It’s a good prize: $15,000 for a 3,000-word essay on who we are and how we live in this country. It’s the brainchild of the Saturday Paper’s whizz kid editor, Erik Jensen, and it’s been doing its job well: bringing stories to light, honouring old hands in the writing trade and turning up new talent.
But, without warning the judges, Jensen decided to radically narrow the rules and issued a list of what the Horne prize was “not seeking or accepting” this year: “Essays by non-Indigenous writers about the experiences of First Nations Australians. Essays about the LGBTQI community written by people without direct experience of this community.
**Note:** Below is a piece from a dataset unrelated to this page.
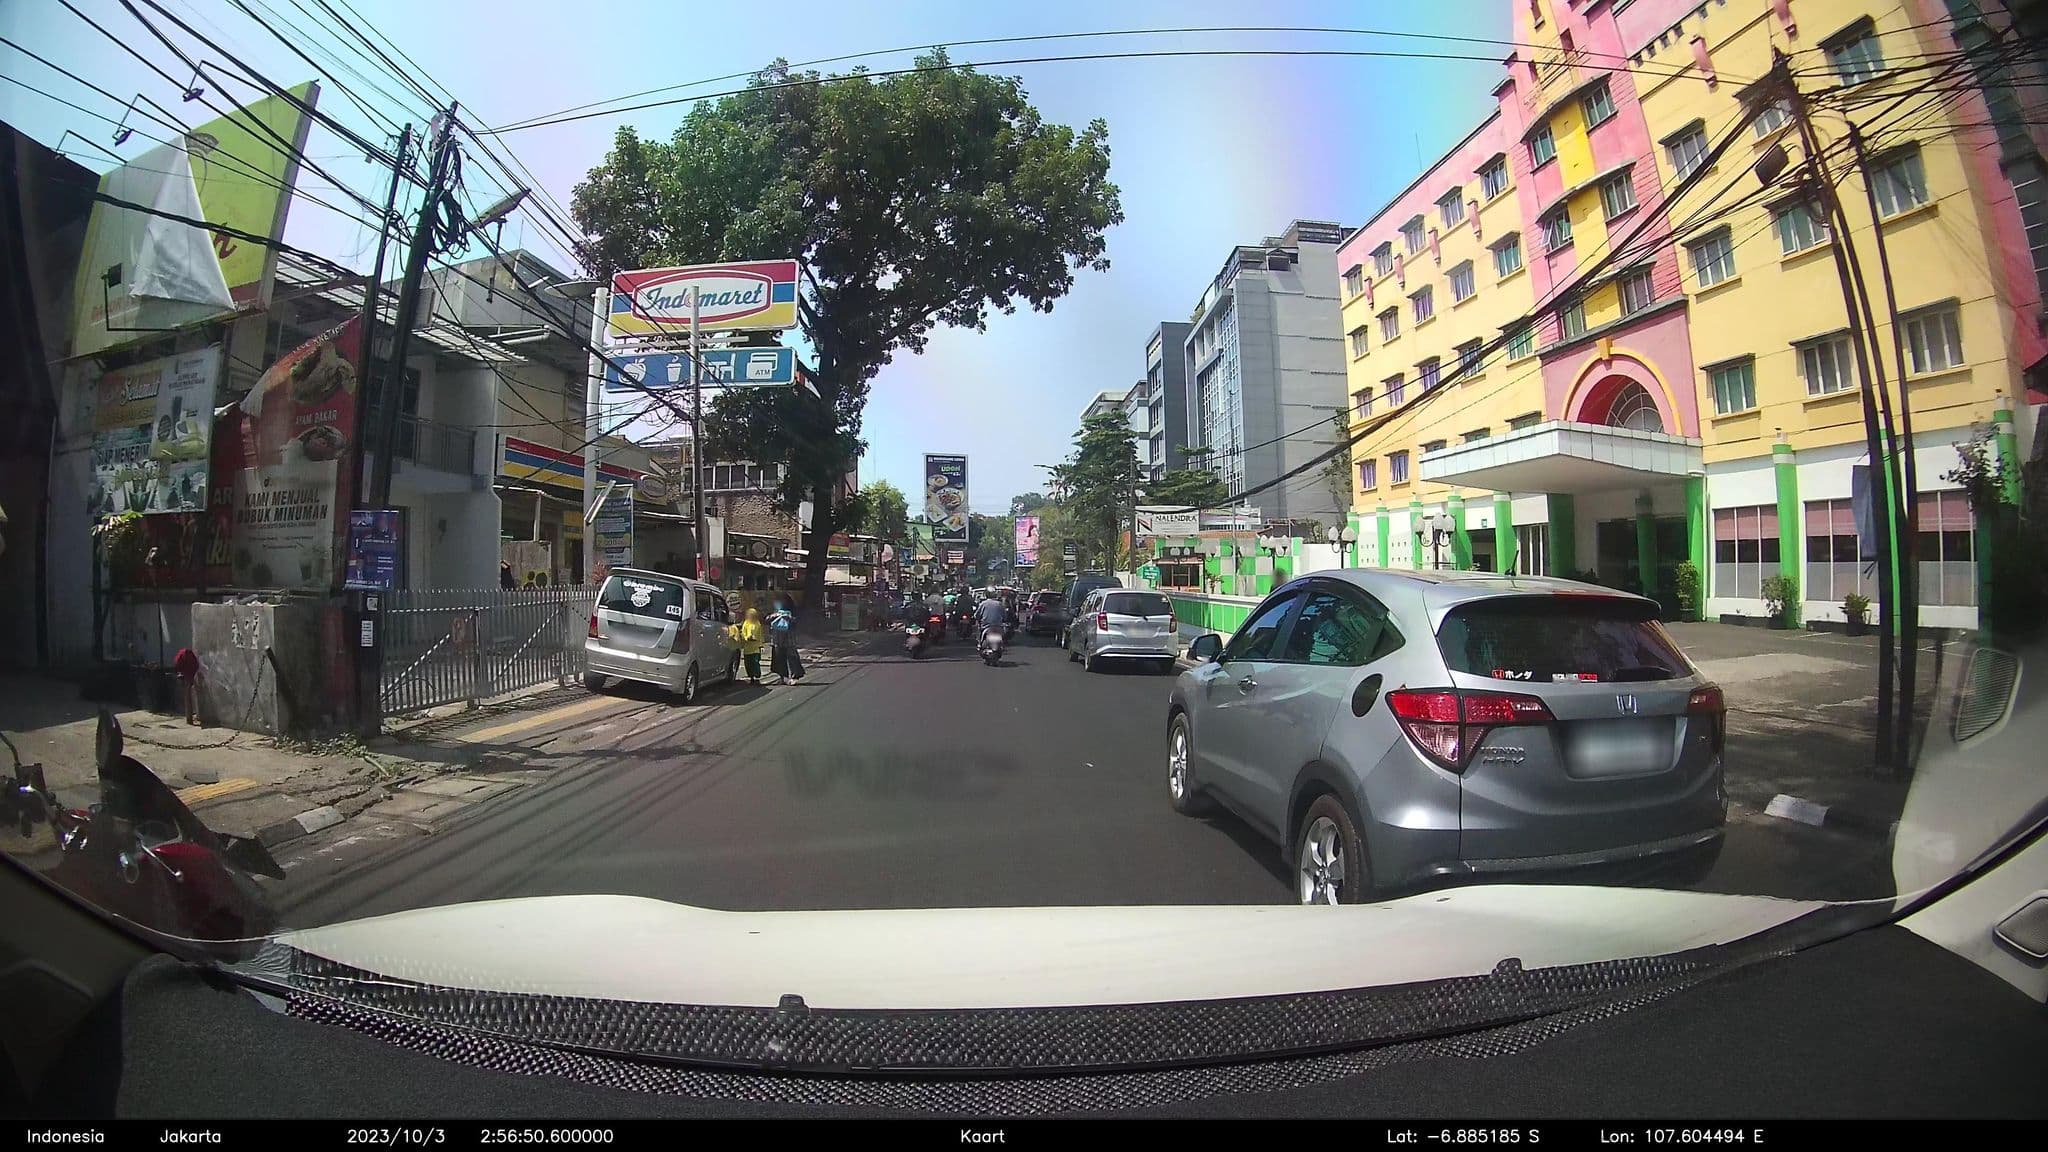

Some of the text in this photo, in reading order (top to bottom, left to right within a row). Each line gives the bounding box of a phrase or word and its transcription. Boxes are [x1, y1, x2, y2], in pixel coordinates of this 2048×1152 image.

[245, 487, 320, 507] KAMI MENJUAL
[273, 504, 328, 522] MINUMAN
[1155, 514, 1197, 522] NALENDRA
Any other writing that purports to represent the experiences of those in any minority community of which the writer is not a member.”
I messaged Jensen at once: “I’ve been a big critic of such restrictions. Men can write about women, gays about straights, blacks about whites. You judge, as always, by quality. That’s likely to be higher when there’s direct experience. But you can’t disqualify for lack of it. And if we’re not going to accept whites writing about Indigenous experience, how can we have whites judging Indigenous writing?”
I could have made that list a lot longer: how could I write about political parties, the Catholic church, criminal syndicates or the high court? I’ve been writing about them for decades but never been a member of any of them.
We spoke. I made it clear I wouldn’t be a judge on those terms.
On Saturday Jensen emailed all the judges – me, the novelist Anna Funder, the Indigenous academic Marcia Langton and a representative of the sponsor Aesop – apologising for springing this on us and explaining: “The guidelines attempted to reduce the number of essays we received that offered chauvinistic or condescending accounts of particular groups of Australians, especially First Australians.”
I’ve judged a few prizes in my time. Someone has to do a first triage. You can’t stop writers offering rubbish. Culling is a chore that has to be done.
Langton told me: “I don’t think you should completely rubbish Erik’s attempt to get rid of the rubbish.” She views the new guidelines as: “Probably a mistake because it’s not the done thing. I’ve got a lot of sympathy for what he’s trying to achieve but it crosses the line on censorship and free speech.”
Funder has also declined to judge the prize under the new guidelines which, she told the Australian, would disqualify a lot of her own work: “I can’t really be judging a prize where my qualifications for doing so are ruled out of bounds.”
The new rules are being ditched. Jensen is working on a plan to extend entries for another month and award the $15,000 as it has been in the past: for best writing.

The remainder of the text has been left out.